§ **WHAT THIS TASK INVOLVES**:
Keep the images out while you set down the data exactly.

§ **INFORMATION**:
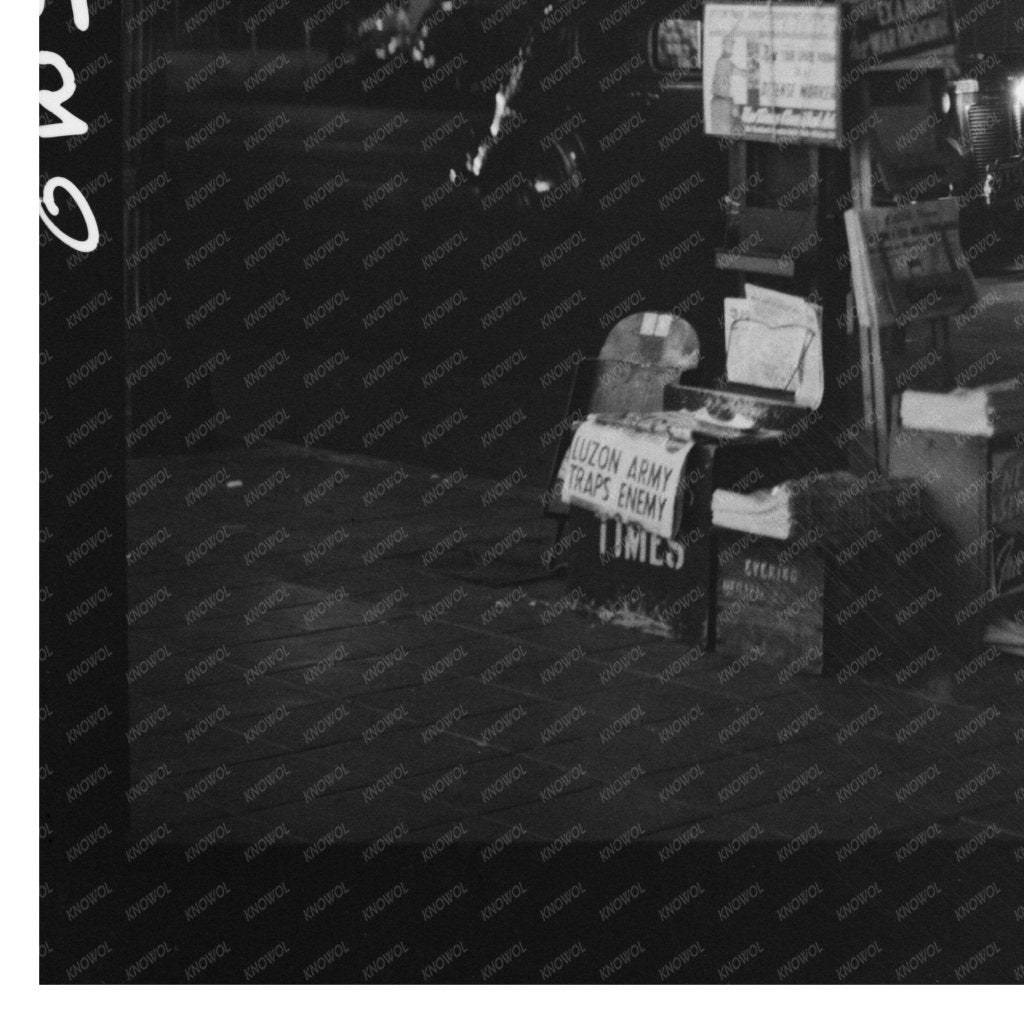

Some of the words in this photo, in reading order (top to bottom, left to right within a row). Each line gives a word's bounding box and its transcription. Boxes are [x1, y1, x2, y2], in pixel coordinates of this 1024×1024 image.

[568, 463, 611, 502] TRAPS
[617, 483, 667, 521] ENEMY
[572, 436, 622, 475] LUZON
[627, 456, 673, 492] ARMY

§ **RESPONSE**:
Some of the words in this photo, in reading order (top to bottom, left to right within a row). Each line gives a word's bounding box and its transcription. Boxes are [x1, y1, x2, y2], in pixel coordinates of this 1024×1024 image.

[568, 463, 611, 502] TRAPS
[617, 483, 667, 521] ENEMY
[572, 436, 622, 475] LUZON
[627, 456, 673, 492] ARMY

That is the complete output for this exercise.